На придворном бале крепостные графа Воронцова представили «Балет цветов». Дансерюи цветами именовались: Аксинья — Роза, Авдотья — Ренекул, Аграфёна — Анемон, Лушка и Настасья — Иасинсы. Представляли на театре, что на Яузе, против дворца. Народу, смотрителей не счесть! Удалось попасть на балет и Фёдору.

Разошлись запоздно… Спустился Фёдор к реке, сел на бережку у воды. Голову руками охватил. Думает: народ наш не хуже, а иной раз и лучше иностранцев к искусствам способен! В воде звёзды не то отраженьем своим блещут, не то сами попадали в тихую, тёмную глубь… Рядом будто шёпот чей-то шелестит или плачет кто… Прислушался, понял… Иасинс — Лушка да Анемон — Аграфёна спины друг другу водой смывают. Спины эти нынче утром на конюшне особым колером разукрашены были, к вечеру притёрли их белилами да разным там, чтобы не углядела чего публика.

Девичьих слёз и жалоб наслушался Фёдор, пока не ушли «цветки», не порозовело небо, не зазвонила Москва к ранней обедне…

* * *

Студенты «гошпиталя», что в Лефортове, тоже в иные дни комедии играли… Глядишь — не наглядишься. Тут тебе и юный Фарсон, что полюбил королеву да кознями вельмож загублен был, и забавные персоны, что в дьячковые подрясники ряжены. Они такое сказывали, что смотрительницы рукавами лица закрывали — сквозь румяна стыдом природным краснели. Обо всём виденном записывал Фёдор в «раздумчивую» тетрадь. И о «першпективе», малеванной на холстах, о движении облак и о прочих чудесах подсмотренных… О цветах, плетью сгубленных, тож записал… За время, что жил в Москве, менее всего к заводскому «произвождению» стремление имел, всё боле выказывая склонность к языческой Мельпомене.

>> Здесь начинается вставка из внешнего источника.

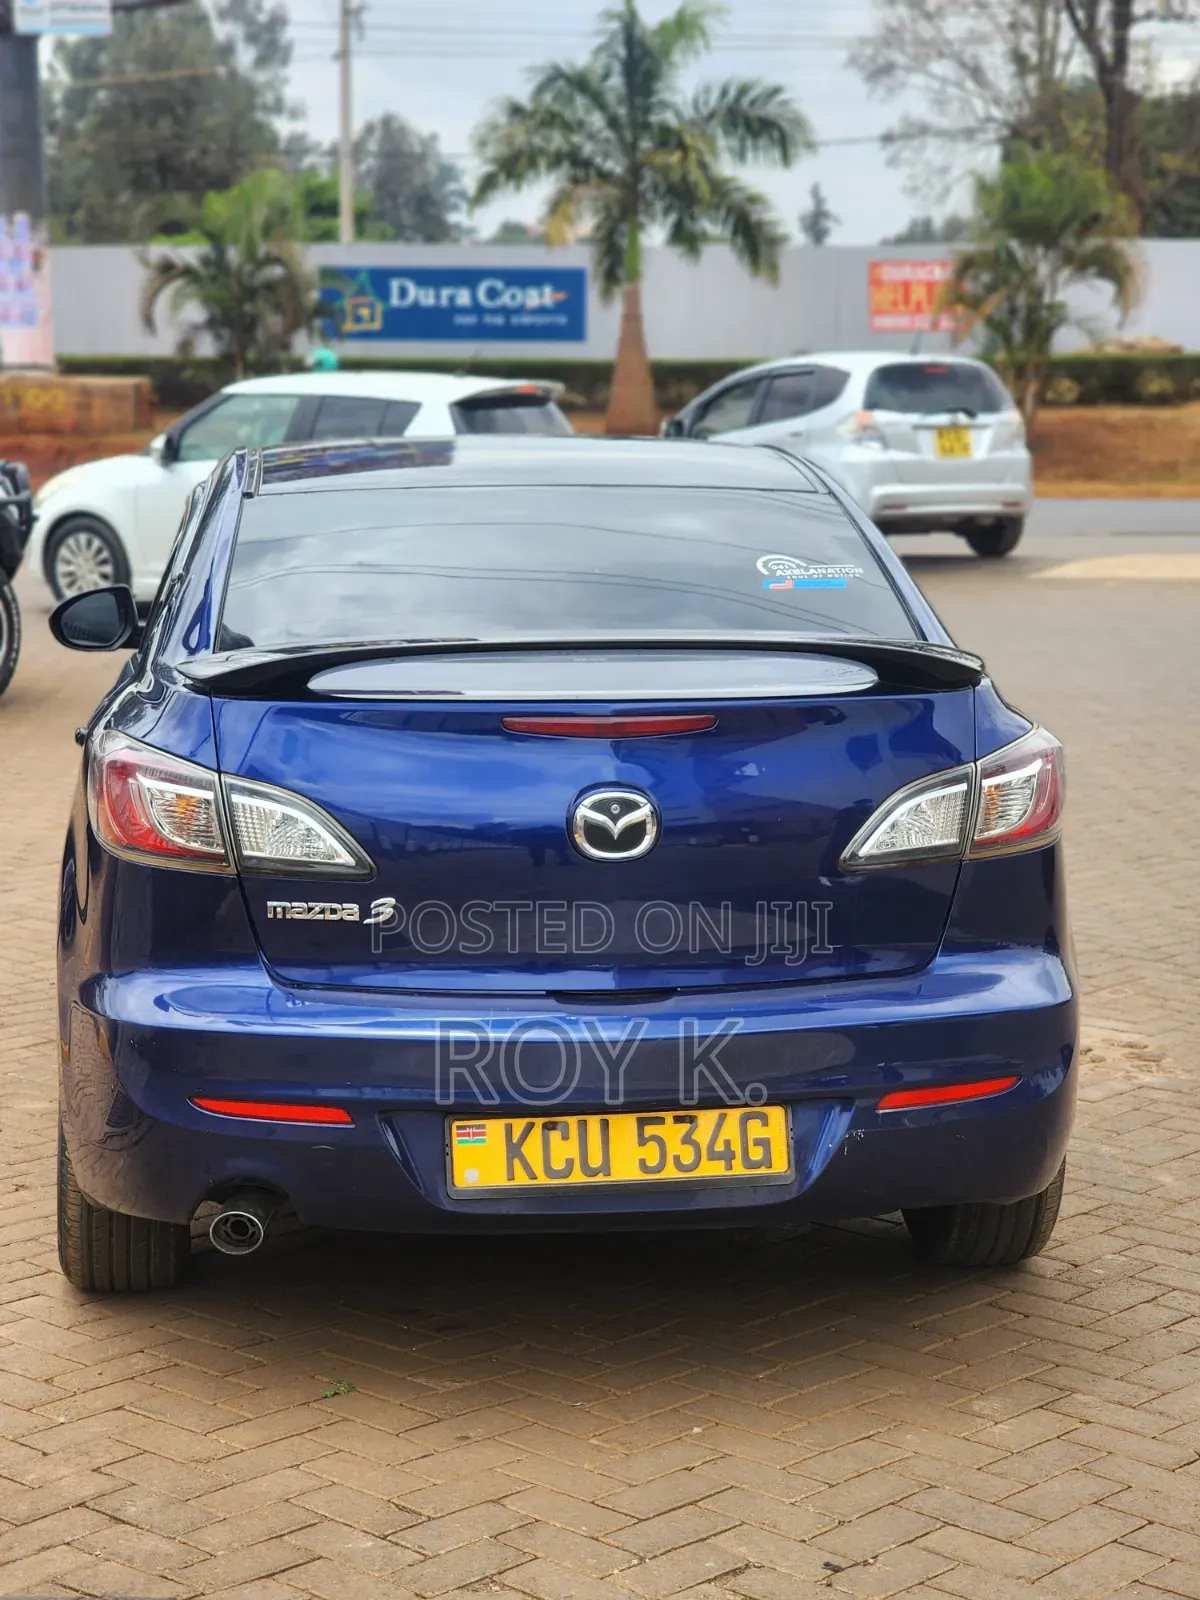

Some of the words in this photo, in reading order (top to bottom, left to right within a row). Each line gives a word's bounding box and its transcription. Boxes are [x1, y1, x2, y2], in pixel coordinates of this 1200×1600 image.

[388, 276, 473, 309] Dura
[775, 567, 864, 577] AXELANATION
[363, 897, 396, 924] 3
[503, 1118, 611, 1181] KCU
[636, 1111, 772, 1175] 534G

В 48 году помер отчим — старик Полушкин. Стал Фёдор из «компанейщиков» заводчиком и наследником купоросного дела. Поехал в Ярославль. Мать постарела, умерла тётя Настя, повзрослели братья. От завода оторопь да испуг… А тут опять же купечество ярославское с просьбой. Новому заводчику всем миром поклон бьют: «Стал грамотеем, езжай в столицу, выручай православных. Проси от всего купечества Сенат на таможне вместо иноземных браковщиков товаров назначить ярославцев — знатного мастера Истомина да купца Швылёва». Как откажешь! И поехал Фёдор с выборными в столицу за неграмотных земляков перед Сенатом хлопотать… Ну, дело, конечно, такое, пока до Сената дойдёшь, что по лесу дремучему вёрсты исходишь, по канцеляриям да присутствиям разным плутая. В столице простых людей маловато. От регистраторов и экзекуторов до чинов все персоны! Истомин да Швылёв и деньгами издержались и здоровьем притомились, ободряя сенатских канцеляристов. Опять же иностранные браковщики, своего упустить не желая, большое рвение насупротив проявили… Усердие ли Фёдора, понятливость ли его помогли, однако Сенат в поощрение русского купечества просьбу уважил. Ох, и гуляли же первые русские браковщики в столице русской! Фёдор им объявление сделал: «Пока не пропьётесь, глаз к вам не покажу». Съехал от них на постоялый двор. Бродил по столице — любовался городом, куда там до него Москве!.. В кунсткамере был, глобус смотрел, библиотеку при академии видел. При нём профессор один многие опыты делал через стекла зажигательные. Ездил на острова смотреть медведей белых, слонов, львиц, бобров и других зверей разных… На Васильевском острову смотрел впервые «тражедию» «Синав и Трувор», сочиненную господином Сумароковым. Её играли кадеты Шляхетского корпуса. О том в «раздумчивую» тетрадь записал: «Никита Афанасьевич Бекетов «Синава» играл. Пришёл я в такое восхищение, что не знал, где был — на земле или на небесах!» И началось… Исходил Фёдор все театры. Побывал в знакомой по Москве итальянской опере и французском театре, на котором пьесы Мольера и Расина превосходны были, и в немецком театре, что ютился в неказистом домишке. До старости не забыть всего этого!

Знатный мастер да купец, в сознанье придя, сыскали Волкова на постоялом дворе, повинились перед ним и пошли нанимать лошадей в обратный путь. В Москве Фёдор отстал от земляков. В берг-коллегии свои хлопоты — заводчиком теперь стал. Еле в неделю с делами управился, а там опять дорога, опять звенят бубенцы под дугой.